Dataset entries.
______________________________
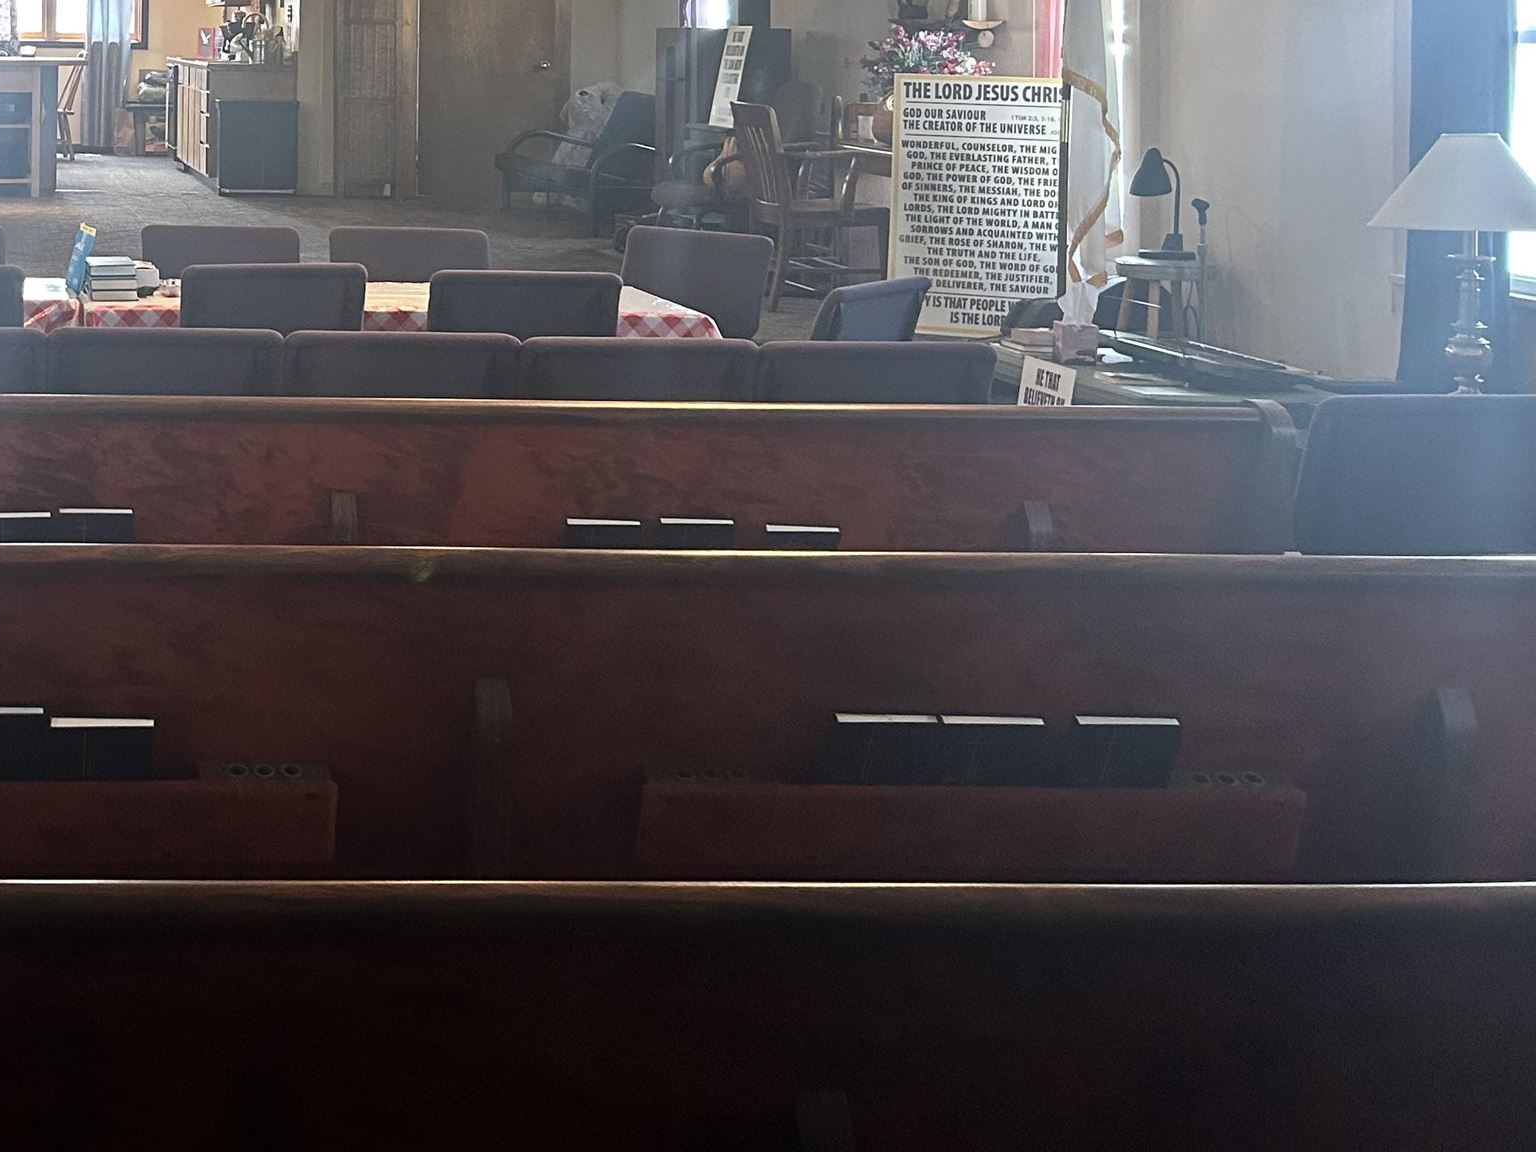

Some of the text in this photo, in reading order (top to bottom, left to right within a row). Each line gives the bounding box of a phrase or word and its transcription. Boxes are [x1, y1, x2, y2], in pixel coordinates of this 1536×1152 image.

[904, 82, 931, 98] THE
[935, 83, 972, 99] LORD
[976, 85, 1018, 101] JESUS
[903, 108, 986, 121] GOD OUR SAVIOUR
[903, 120, 1046, 135] THE CREATOR OF THE UNIVERSE
[902, 140, 959, 151] WONDERFUL,
[962, 142, 1017, 153] COUNSELOR,
[1020, 145, 1036, 154] THE
[907, 151, 927, 160] GOD,
[930, 152, 946, 160] THE
[949, 153, 1009, 163] EVERLASTING
[1012, 156, 1049, 165] FATHER,
[911, 162, 943, 171] PRINCE
[946, 163, 956, 171] OF
[959, 163, 989, 174] PEACE,
[992, 165, 1009, 174] THE
[1012, 166, 1049, 176] WISDOM
[903, 172, 924, 181] GOD,
[927, 173, 943, 181] THE
[946, 174, 977, 183] POWER
[980, 176, 991, 184] OF
[994, 176, 1015, 186] GOD,
[1018, 178, 1035, 186] THE
[902, 182, 912, 190] OF
[915, 183, 956, 193] SINNERS,
[959, 185, 975, 194] THE
[978, 186, 1021, 197] MESSIAH,
[1024, 188, 1040, 197] THE
[914, 193, 930, 202] THE
[933, 194, 954, 203] KING
[957, 195, 968, 204] OF
[970, 196, 997, 205] KINGS
[1000, 197, 1019, 206] AND
[1022, 199, 1045, 208] LORD
[904, 204, 935, 214] LORDS,
[938, 205, 954, 214] THE
[956, 206, 979, 215] LORD
[982, 207, 1017, 218] MIGHTY
[1020, 209, 1030, 218] IN
[906, 214, 922, 223] THE
[924, 215, 950, 224] LIGHT
[953, 216, 964, 225] OF
[966, 218, 983, 226] THE
[986, 218, 1020, 229] WORLD,
[1023, 220, 1029, 229] A
[1032, 221, 1052, 230] MAN
[911, 225, 953, 235] SORROWS
[956, 226, 974, 236] AND
[977, 228, 1033, 240] ACQUAINTED
[899, 235, 926, 245] GRIEF,
[929, 236, 946, 245] THE
[949, 238, 970, 247] ROSE
[973, 239, 984, 248] OF
[987, 240, 1027, 251] SHARON,
[1029, 242, 1046, 251] THE
[927, 247, 1041, 263] THE TRUTH AND THE LIFE,
[904, 256, 920, 265] THE
[922, 257, 940, 266] SON
[942, 258, 953, 266] OF
[956, 259, 976, 269] GOD,
[980, 261, 996, 270] THE
[999, 262, 1026, 271] WORD
[1029, 264, 1040, 272] OF
[914, 267, 1052, 285] THE REDEEMER, THE JUSTIFIER,
[936, 279, 987, 291] DELIVERER,
[990, 283, 1007, 292] THE
[1009, 284, 1049, 295] SAVIOUR
[932, 296, 942, 308] IS
[944, 296, 966, 310] THAT
[970, 299, 1006, 312] PEOPLE
[950, 312, 959, 323] IS
[962, 313, 979, 325] THE
[1045, 370, 1061, 392] THAT
______________________________
Task requirements.
Copy down every line of the entries containing the word "SAVIOUR".

Output for this exercise.
[903, 108, 986, 121] GOD OUR SAVIOUR
[1009, 284, 1049, 295] SAVIOUR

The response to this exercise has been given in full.